■ **What the exercise asks**
Down to the last line, repeat the entries exactly.

■ **Information**
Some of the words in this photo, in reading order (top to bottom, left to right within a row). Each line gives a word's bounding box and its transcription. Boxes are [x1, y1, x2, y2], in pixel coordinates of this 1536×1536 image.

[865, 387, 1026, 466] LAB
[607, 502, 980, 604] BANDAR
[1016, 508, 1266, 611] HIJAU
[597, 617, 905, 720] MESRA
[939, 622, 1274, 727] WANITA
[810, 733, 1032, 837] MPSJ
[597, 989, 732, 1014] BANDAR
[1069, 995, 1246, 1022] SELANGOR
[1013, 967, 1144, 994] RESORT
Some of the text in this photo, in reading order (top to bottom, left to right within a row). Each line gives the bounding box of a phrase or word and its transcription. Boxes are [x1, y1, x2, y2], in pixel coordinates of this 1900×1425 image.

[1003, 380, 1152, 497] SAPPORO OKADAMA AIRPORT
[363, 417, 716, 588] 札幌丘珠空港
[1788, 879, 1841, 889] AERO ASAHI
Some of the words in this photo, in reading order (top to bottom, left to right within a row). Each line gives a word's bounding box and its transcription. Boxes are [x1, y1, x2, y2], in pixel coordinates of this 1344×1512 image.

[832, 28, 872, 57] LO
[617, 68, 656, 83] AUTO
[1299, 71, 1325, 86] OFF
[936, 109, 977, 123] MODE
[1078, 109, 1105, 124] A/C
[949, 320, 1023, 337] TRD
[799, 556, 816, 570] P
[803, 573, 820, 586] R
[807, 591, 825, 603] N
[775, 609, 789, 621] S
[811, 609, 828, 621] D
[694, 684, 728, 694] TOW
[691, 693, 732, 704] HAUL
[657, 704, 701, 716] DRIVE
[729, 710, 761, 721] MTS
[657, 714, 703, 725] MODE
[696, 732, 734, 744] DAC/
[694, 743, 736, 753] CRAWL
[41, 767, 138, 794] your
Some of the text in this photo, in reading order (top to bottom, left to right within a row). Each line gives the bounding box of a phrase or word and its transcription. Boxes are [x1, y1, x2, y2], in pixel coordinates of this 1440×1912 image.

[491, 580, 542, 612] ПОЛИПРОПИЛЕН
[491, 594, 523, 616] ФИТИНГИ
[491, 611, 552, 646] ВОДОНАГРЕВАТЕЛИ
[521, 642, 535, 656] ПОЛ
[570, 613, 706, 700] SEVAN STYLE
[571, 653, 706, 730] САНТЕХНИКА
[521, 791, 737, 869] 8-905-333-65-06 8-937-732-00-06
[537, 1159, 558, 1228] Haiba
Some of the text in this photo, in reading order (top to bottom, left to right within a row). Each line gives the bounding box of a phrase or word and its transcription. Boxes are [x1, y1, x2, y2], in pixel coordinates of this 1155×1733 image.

■ **Answer space**
Some of the words in this photo, in reading order (top to bottom, left to right within a row). Each line gives a word's bounding box and its transcription. Boxes are [x1, y1, x2, y2], in pixel coordinates of this 1536×1536 image.

[865, 387, 1026, 466] LAB
[607, 502, 980, 604] BANDAR
[1016, 508, 1266, 611] HIJAU
[597, 617, 905, 720] MESRA
[939, 622, 1274, 727] WANITA
[810, 733, 1032, 837] MPSJ
[597, 989, 732, 1014] BANDAR
[1069, 995, 1246, 1022] SELANGOR
[1013, 967, 1144, 994] RESORT
Some of the text in this photo, in reading order (top to bottom, left to right within a row). Each line gives the bounding box of a phrase or word and its transcription. Boxes are [x1, y1, x2, y2], in pixel coordinates of this 1900×1425 image.

[1003, 380, 1152, 497] SAPPORO OKADAMA AIRPORT
[363, 417, 716, 588] 札幌丘珠空港
[1788, 879, 1841, 889] AERO ASAHI
Some of the words in this photo, in reading order (top to bottom, left to right within a row). Each line gives a word's bounding box and its transcription. Boxes are [x1, y1, x2, y2], in pixel coordinates of this 1344×1512 image.

[832, 28, 872, 57] LO
[617, 68, 656, 83] AUTO
[1299, 71, 1325, 86] OFF
[936, 109, 977, 123] MODE
[1078, 109, 1105, 124] A/C
[949, 320, 1023, 337] TRD
[799, 556, 816, 570] P
[803, 573, 820, 586] R
[807, 591, 825, 603] N
[775, 609, 789, 621] S
[811, 609, 828, 621] D
[694, 684, 728, 694] TOW
[691, 693, 732, 704] HAUL
[657, 704, 701, 716] DRIVE
[729, 710, 761, 721] MTS
[657, 714, 703, 725] MODE
[696, 732, 734, 744] DAC/
[694, 743, 736, 753] CRAWL
[41, 767, 138, 794] your
Some of the text in this photo, in reading order (top to bottom, left to right within a row). Each line gives the bounding box of a phrase or word and its transcription. Boxes are [x1, y1, x2, y2], in pixel coordinates of this 1440×1912 image.

[491, 580, 542, 612] ПОЛИПРОПИЛЕН
[491, 594, 523, 616] ФИТИНГИ
[491, 611, 552, 646] ВОДОНАГРЕВАТЕЛИ
[521, 642, 535, 656] ПОЛ
[570, 613, 706, 700] SEVAN STYLE
[571, 653, 706, 730] САНТЕХНИКА
[521, 791, 737, 869] 8-905-333-65-06 8-937-732-00-06
[537, 1159, 558, 1228] Haiba
Some of the text in this photo, in reading order (top to bottom, left to right within a row). Each line gives the bounding box of a phrase or word and its transcription. Boxes are [x1, y1, x2, y2], in pixel coordinates of this 1155×1733 image.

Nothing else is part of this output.